By Wednesday, April 27, 2016 , ,

“How do you find so many books you want to read?”
“How do you keep finding books you know you’ll like?”
“Where do you look for books?”

I get these questions and similar ones pretty often, so I’ve been thinking about my go-to methods for building my neverending to-be-read list. It’s haphazard in some ways and planned out in others. And I’ve realized that there’s not a one-size-fits-all way to do it. Everyone has different reading tastes and speeds, so my advice is simply to find a way that works for you. The most important thing is simply to always be looking for books! That’s primarily why I always have a big list – I’m always going to be keeping my eyes and ears open for new titles, even if I know I won’t read them immediately. But I’ve also developed a few habits that have helped me keep a growing TBR list, so hopefully these ideas will be beneficial to you too. 

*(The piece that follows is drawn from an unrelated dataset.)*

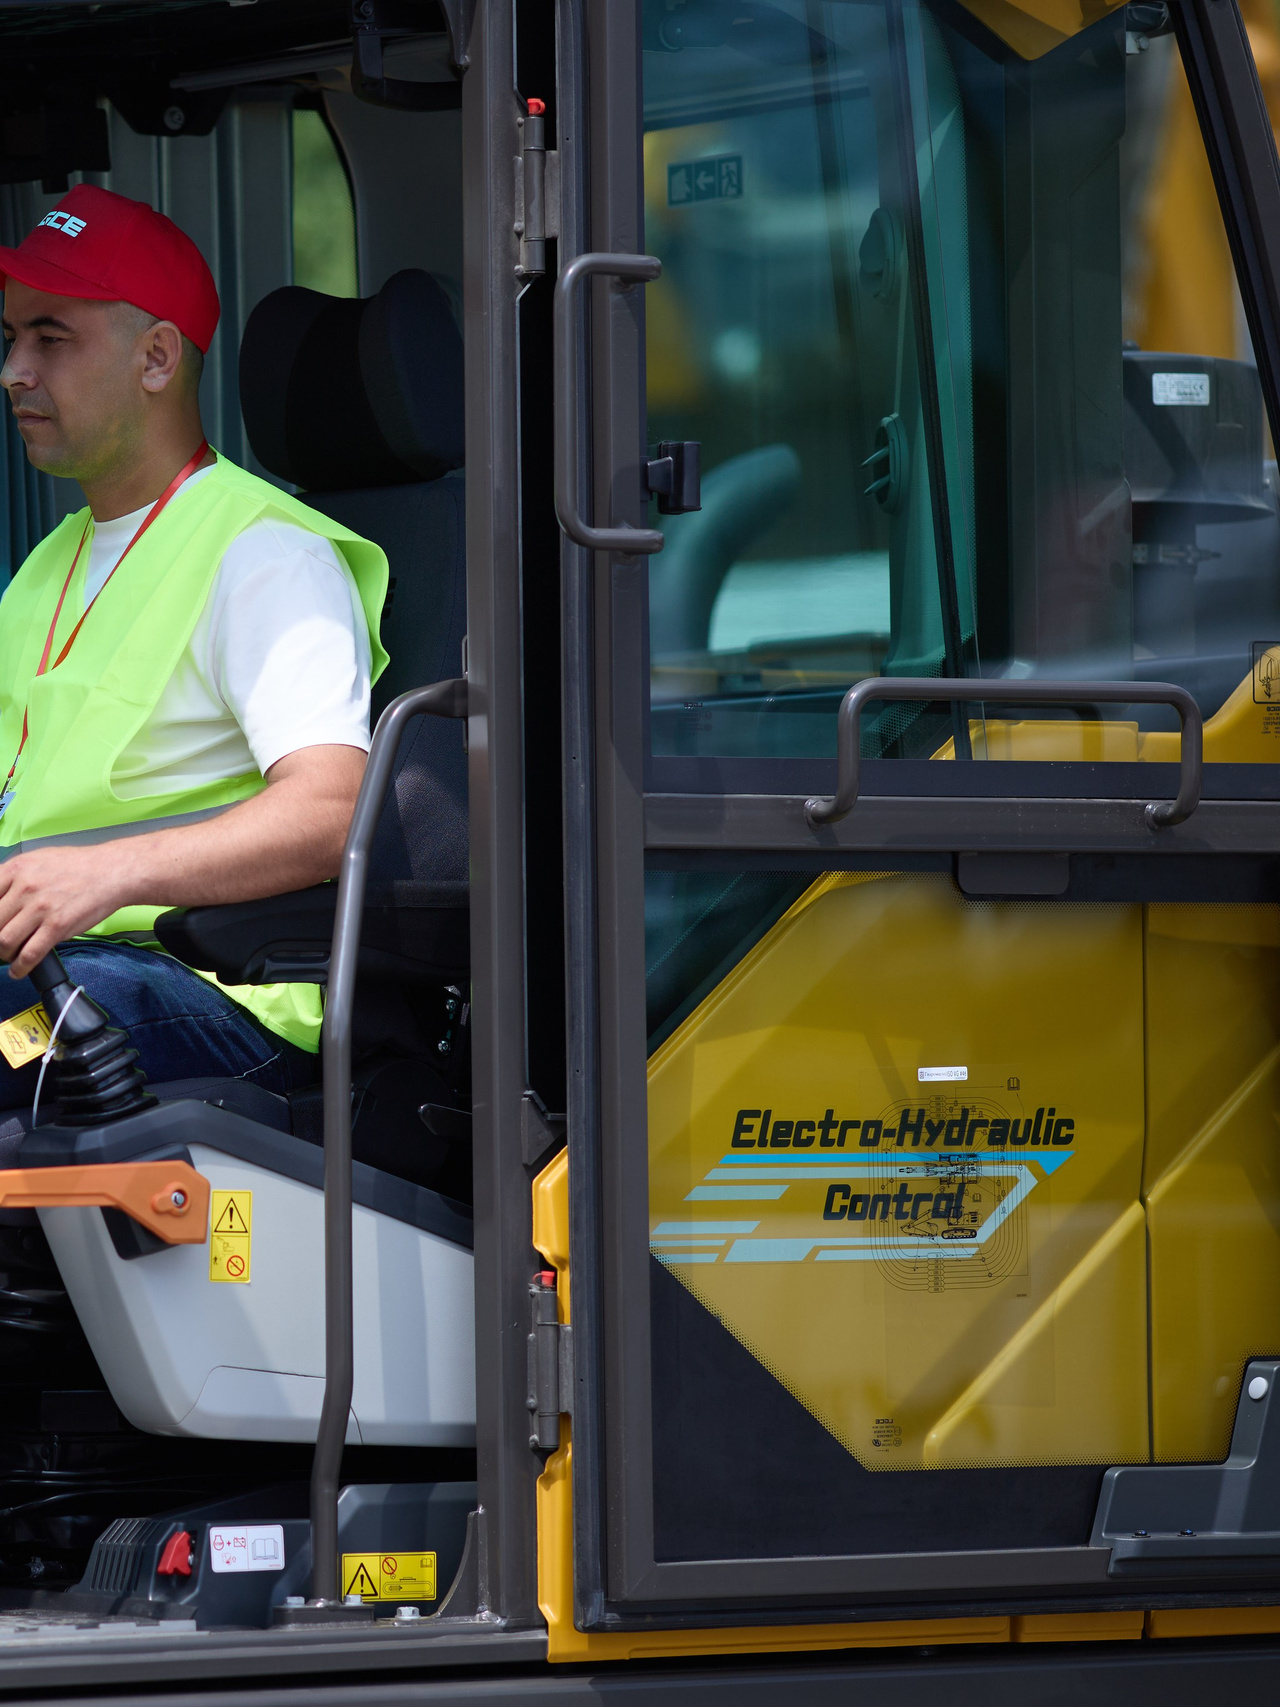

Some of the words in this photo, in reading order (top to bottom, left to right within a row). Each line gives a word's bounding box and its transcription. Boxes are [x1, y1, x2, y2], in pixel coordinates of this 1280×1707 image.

[37, 210, 88, 238] GCE
[730, 1107, 1075, 1148] Electro-Hydraulic
[822, 1182, 967, 1221] Control

1. Browse Book-Related Blogs and Articles
I follow a good collection of bookworm-friendly blogs and social media accounts, so there are always new reviews and recommendations popping up. I keep a bookish board on Pinterest, so fairly often I’ll see pins along the lines of “6 Books that You Can’t Put Down,” “12 Books Everyone Should Read by Age 42,” “7 Books Great for Winter Reading,” and so on. Be on the lookout for articles like that! You never know what you’ll run across. Here are a few of my favorite book browsing resources:

Books & Beverages 
Modern Mrs. Darcy: Books & Reading 
What Should I Read Next Podcast 
Book Fifty 

2. Pay Attention to Amazon Recommendations
Amazon is one of the world’s greatest inventions, I’m firmly convinced. It’s certainly one of the best places for book shopping, as every title you could think of is bound to be on there. And it knows you! Yeah, it’s maybe a little creepy, but it can be helpful. Based on your searches and purchases, it’ll auto-generate other product suggestions, and this feature is worth paying attention to while book browsing on there. I’ve come across plenty of fantastic titles on good old Amazon and always keep an eye out when I’m looking there an on Audible, their excellent audiobook branch. 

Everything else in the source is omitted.